抗議デモの拡大には、ソーシャル・メディアのフェイスブックなどのインターネットが大きく寄与していると言われています。
また、ゴルバチョフ元ソ連大統領や、得票率制限に届かず議席を獲得できなかったリベラル派政党、ヤブロコのヤブリンスキー党首などからもやり直し選挙を求める声が出ています。
****露、連日の反政府デモ 著名人続々 ゴルバチョフ氏ら賛同****
(中略)ゴルバチョフ氏は7日、「選挙結果が公正だと信じない人が日に日に増えている。(政権は)多数の不正があり、開票結果は有権者の意思を反映していないと認めるべきだ」とし、選挙をやり直すよう求めた。

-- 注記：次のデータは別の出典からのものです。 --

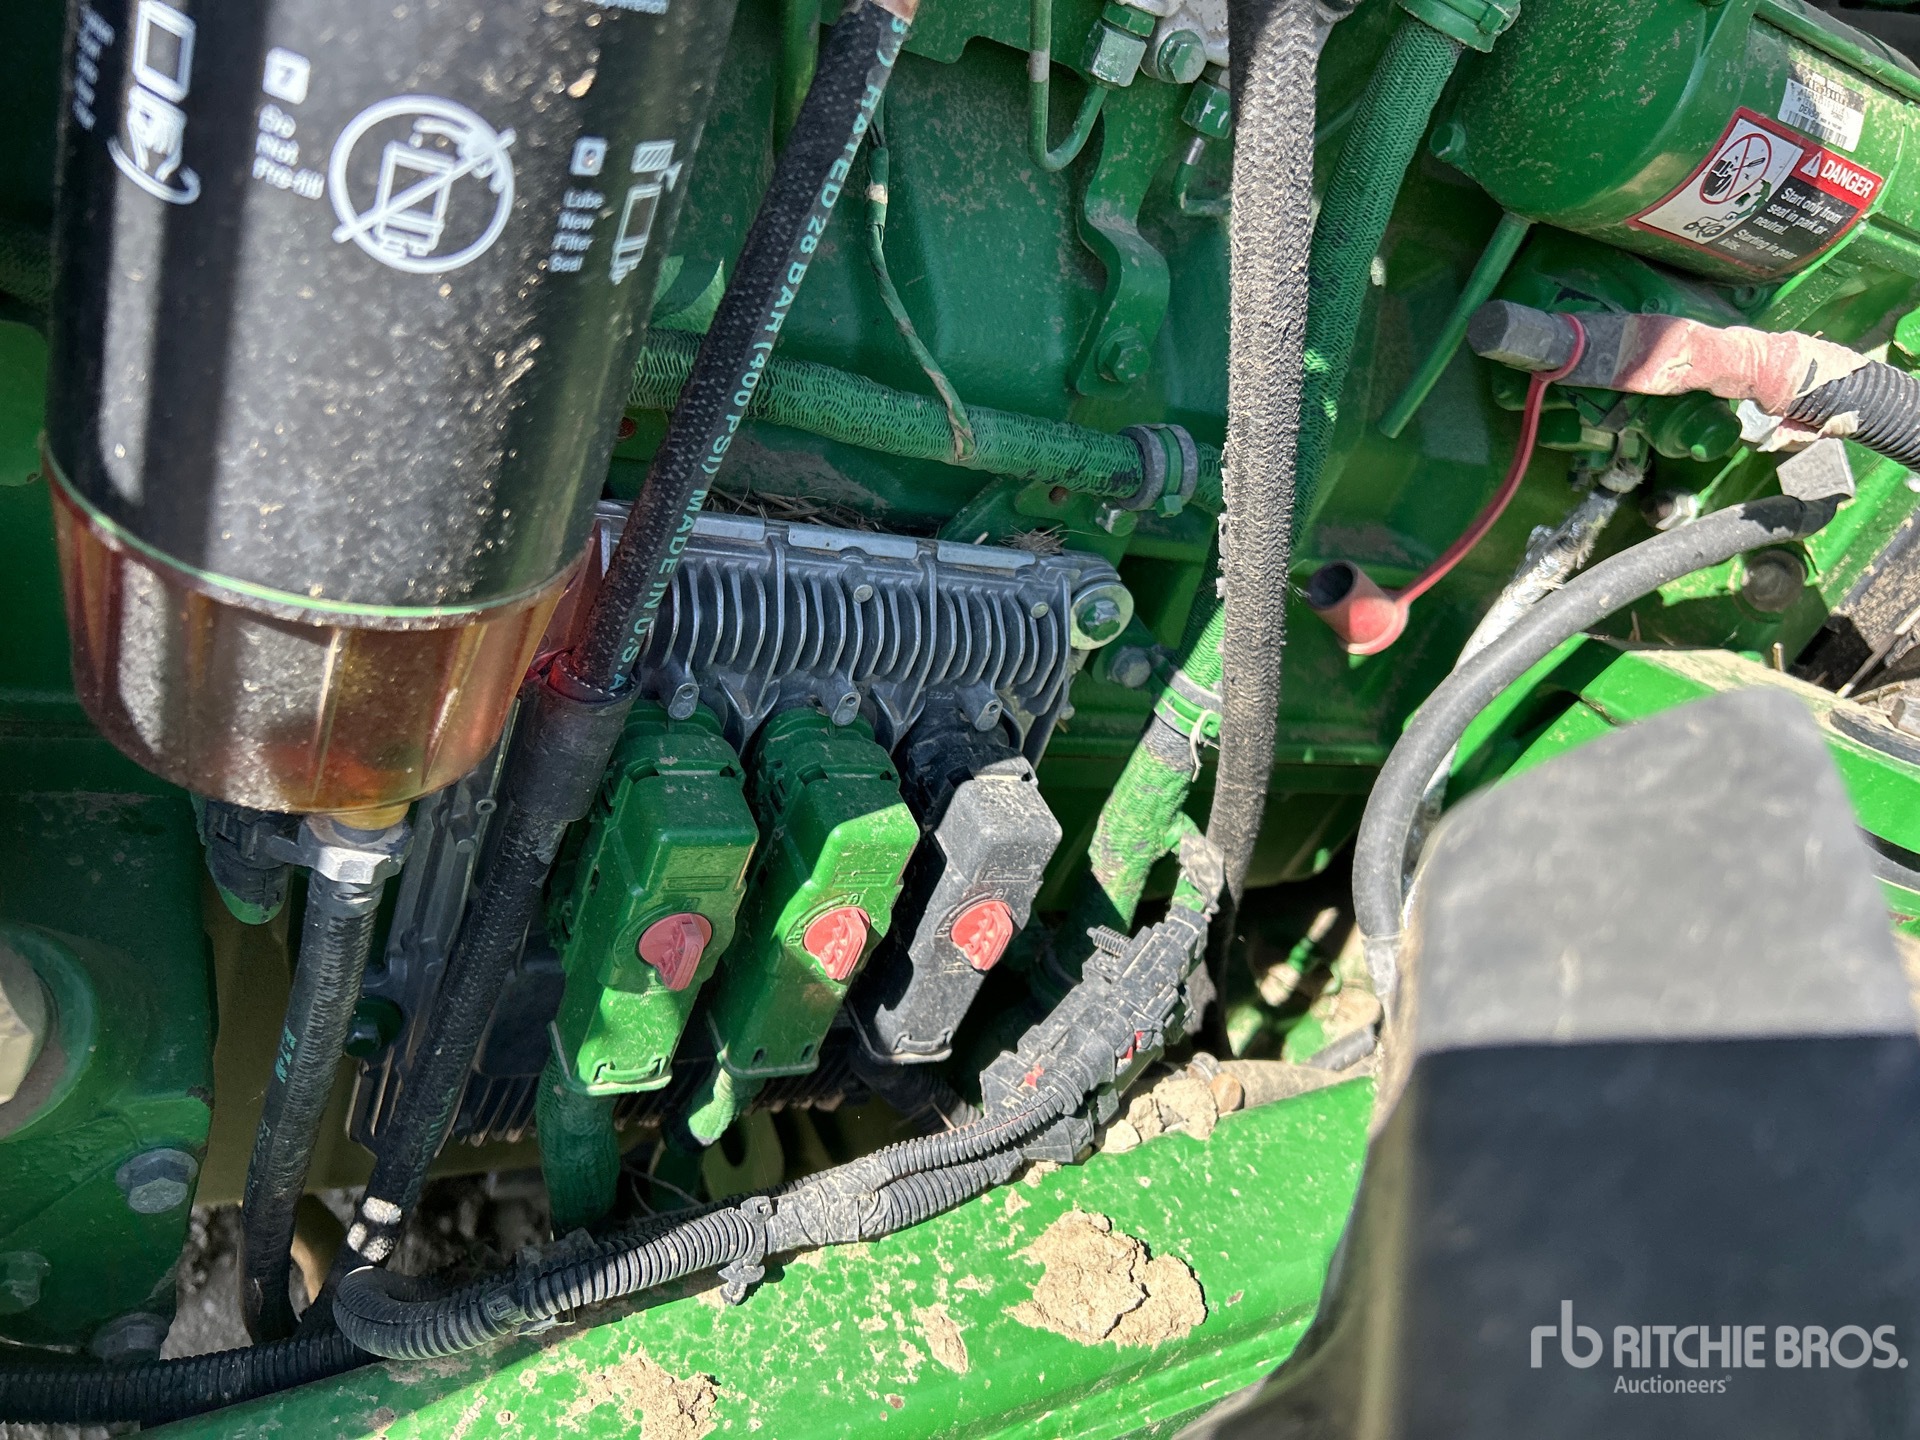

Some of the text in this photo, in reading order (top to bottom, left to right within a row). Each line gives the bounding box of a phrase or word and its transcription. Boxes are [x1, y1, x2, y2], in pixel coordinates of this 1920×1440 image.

[258, 104, 297, 139] Do
[256, 131, 300, 167] Not
[1820, 160, 1875, 199] DANGER
[563, 186, 605, 209] Lube
[1780, 187, 1843, 225] Start only from
[558, 210, 596, 230] New
[800, 215, 827, 254] 28
[1752, 216, 1789, 236] neutral.
[1766, 203, 1828, 235] seat in park or
[551, 232, 593, 253] Filter
[1733, 229, 1798, 260] Starting in gear
[548, 253, 584, 273] Seal
[764, 261, 808, 334] BAR
[733, 341, 773, 407] (400
[701, 414, 741, 474] PSI)
[658, 489, 709, 575] MADE
[643, 582, 669, 609] IN
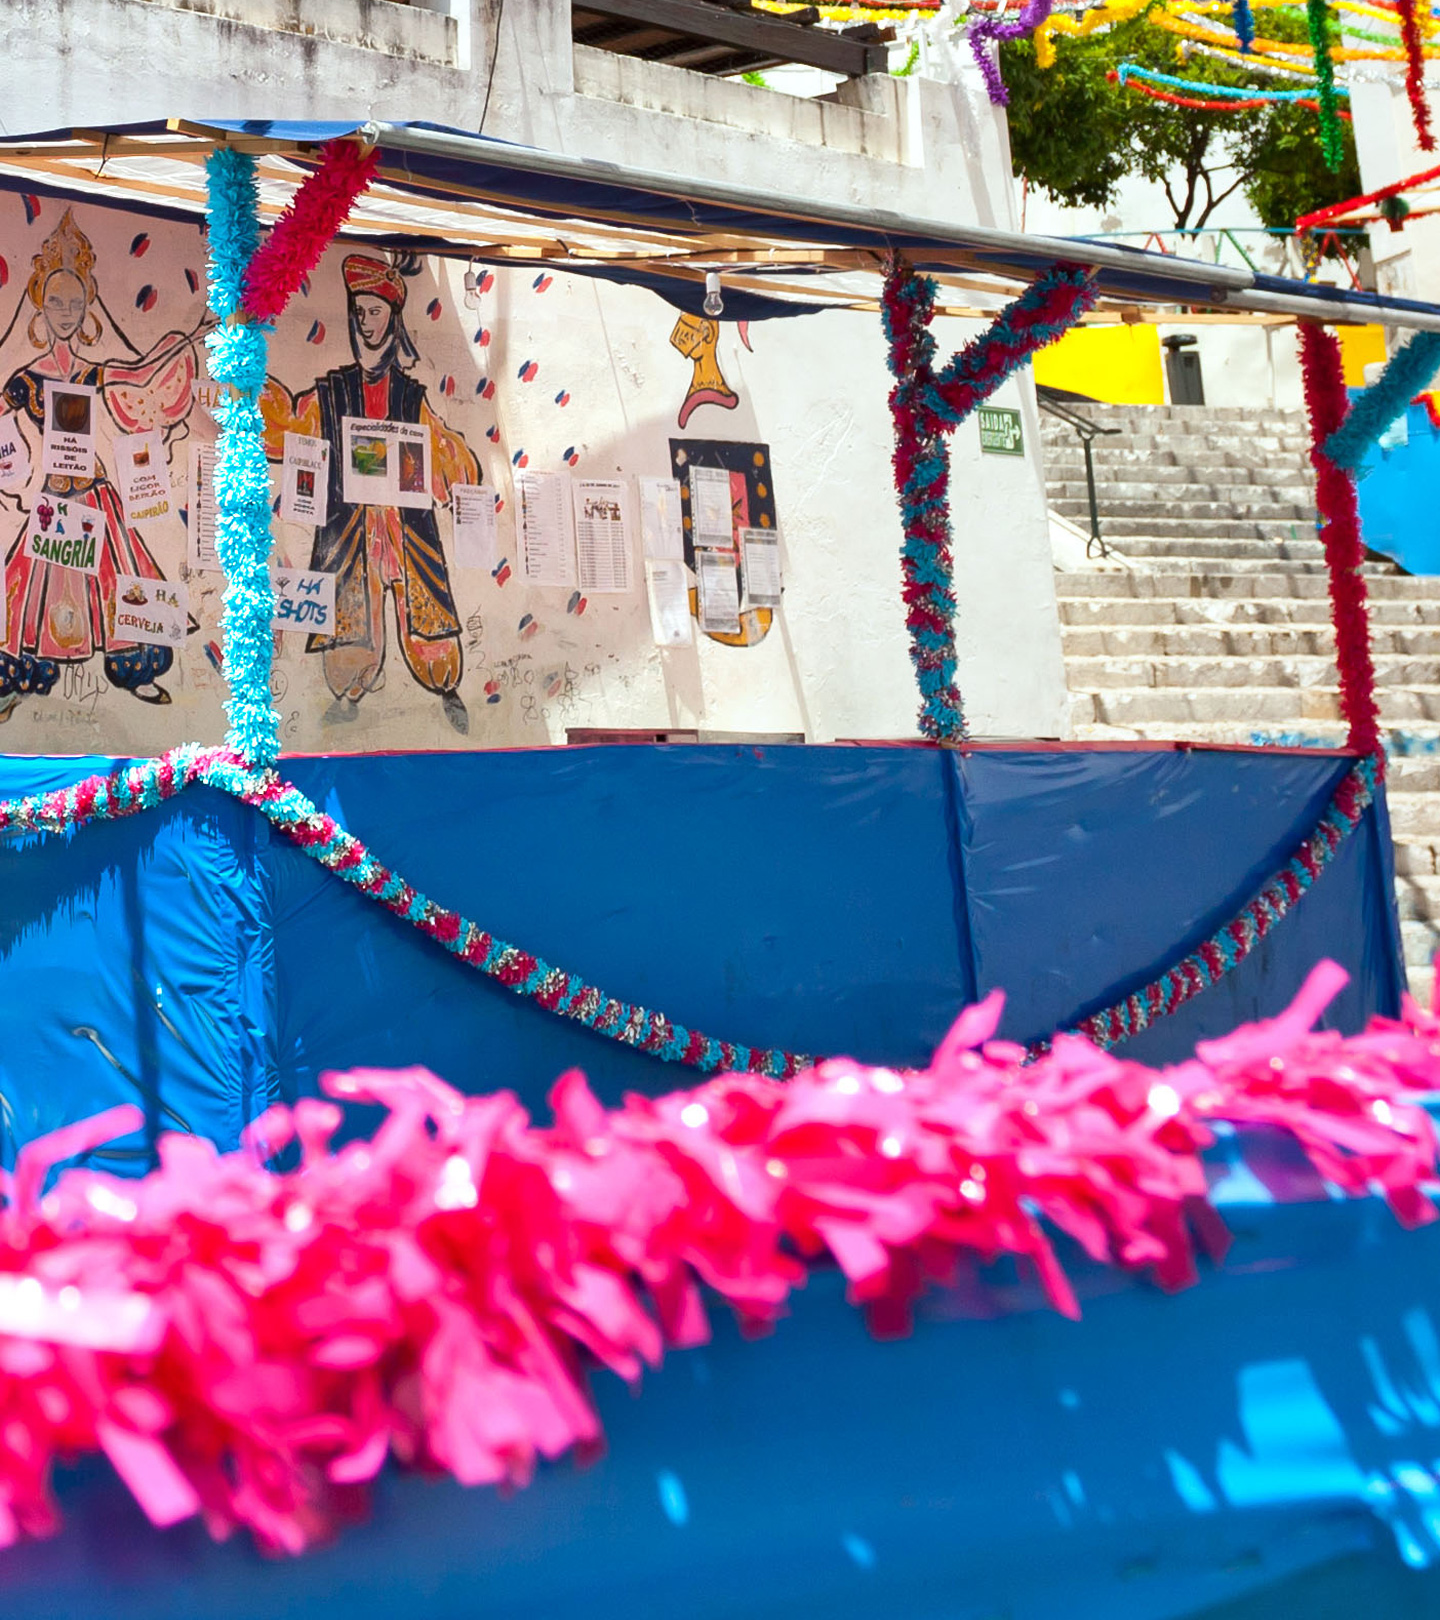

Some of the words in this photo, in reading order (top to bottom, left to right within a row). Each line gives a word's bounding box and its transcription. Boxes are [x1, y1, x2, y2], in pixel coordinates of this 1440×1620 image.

[53, 461, 87, 472] LEITÃO
[64, 454, 77, 462] DE
[133, 474, 156, 484] COM
[31, 533, 97, 569] SANGRIA
[297, 577, 325, 596] HÁ
[277, 598, 327, 626] SHOTS
[117, 613, 164, 634] CERVEJA
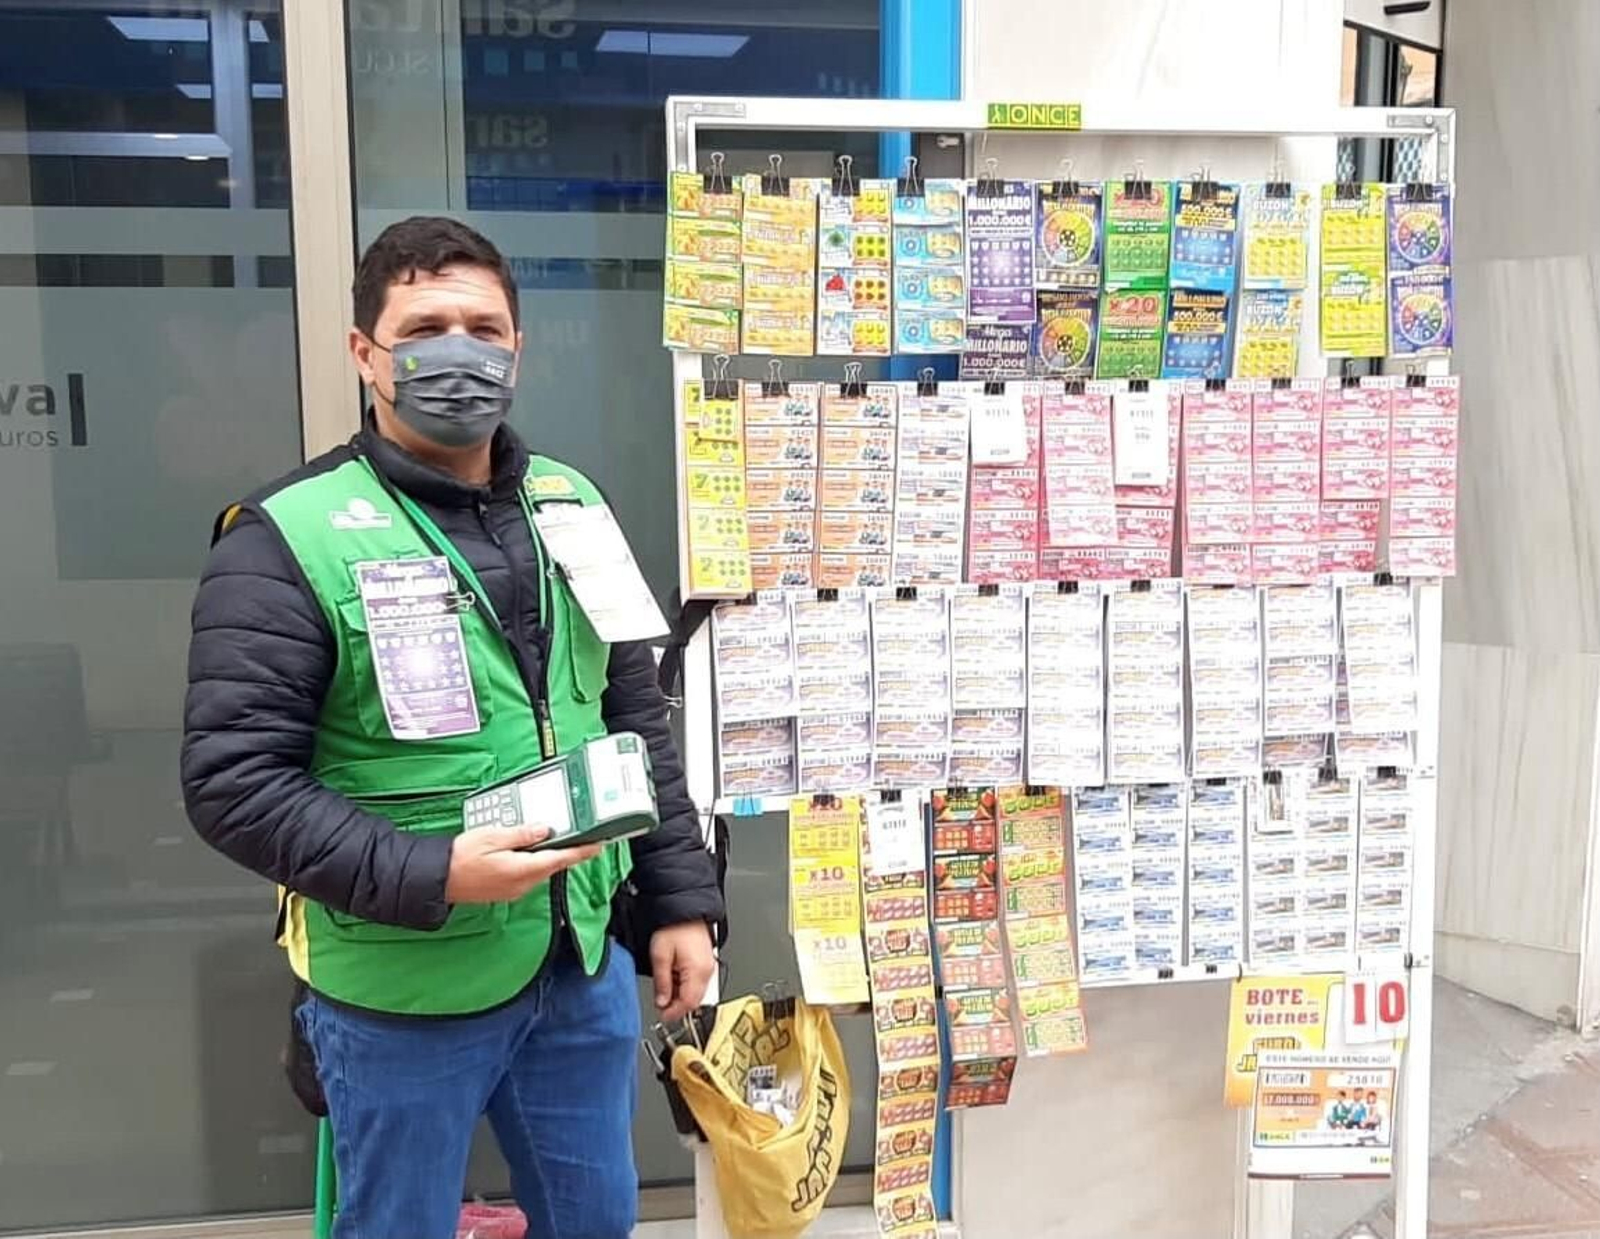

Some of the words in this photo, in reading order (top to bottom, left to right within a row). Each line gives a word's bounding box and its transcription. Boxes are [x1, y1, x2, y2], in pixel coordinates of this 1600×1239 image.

[1010, 104, 1080, 125] ONCE
[1246, 988, 1303, 1006] BOTE
[1353, 981, 1405, 1025] 10
[1245, 1008, 1319, 1025] viernes

得票率制限に届かず、下院の議席を獲得できなかったリベラル派政党、ヤブロコのヤブリンスキー党首も、「結果に不満がある政党は獲得した議席を拒否し、やり直し選挙を求めるよう提案する」と同調する姿勢を示した。
このほか、反政権派の連合体「人民の自由党」の共同代表3人も、今週末10日のモスクワでの反政府デモに参加する方針を決めた。代表の1人はプーチン前政権期の前半に首相を務めた後、たもとを分かったカシヤノフ氏が務めており、政党登録を拒否されて下院選への参加を阻まれていた。
日本文学に詳しいベストセラー作家のアクーニン氏が、自らのブログでプーチン氏以外の政党党首らに対し大統領選に出馬しないよう要請し、大統領選での投票ボイコットを呼びかけるなど、与党批判は政界を超えて広がりつつある。
欧米からも批判が寄せられるなか、政権側は選挙の正当性を強調する姿勢を崩していない。プーチン氏は7日に中央選管を自ら訪れ、大統領選への立候補を届け出るなど、大統領復帰に向けたシナリオに変化がないことを示してみせた。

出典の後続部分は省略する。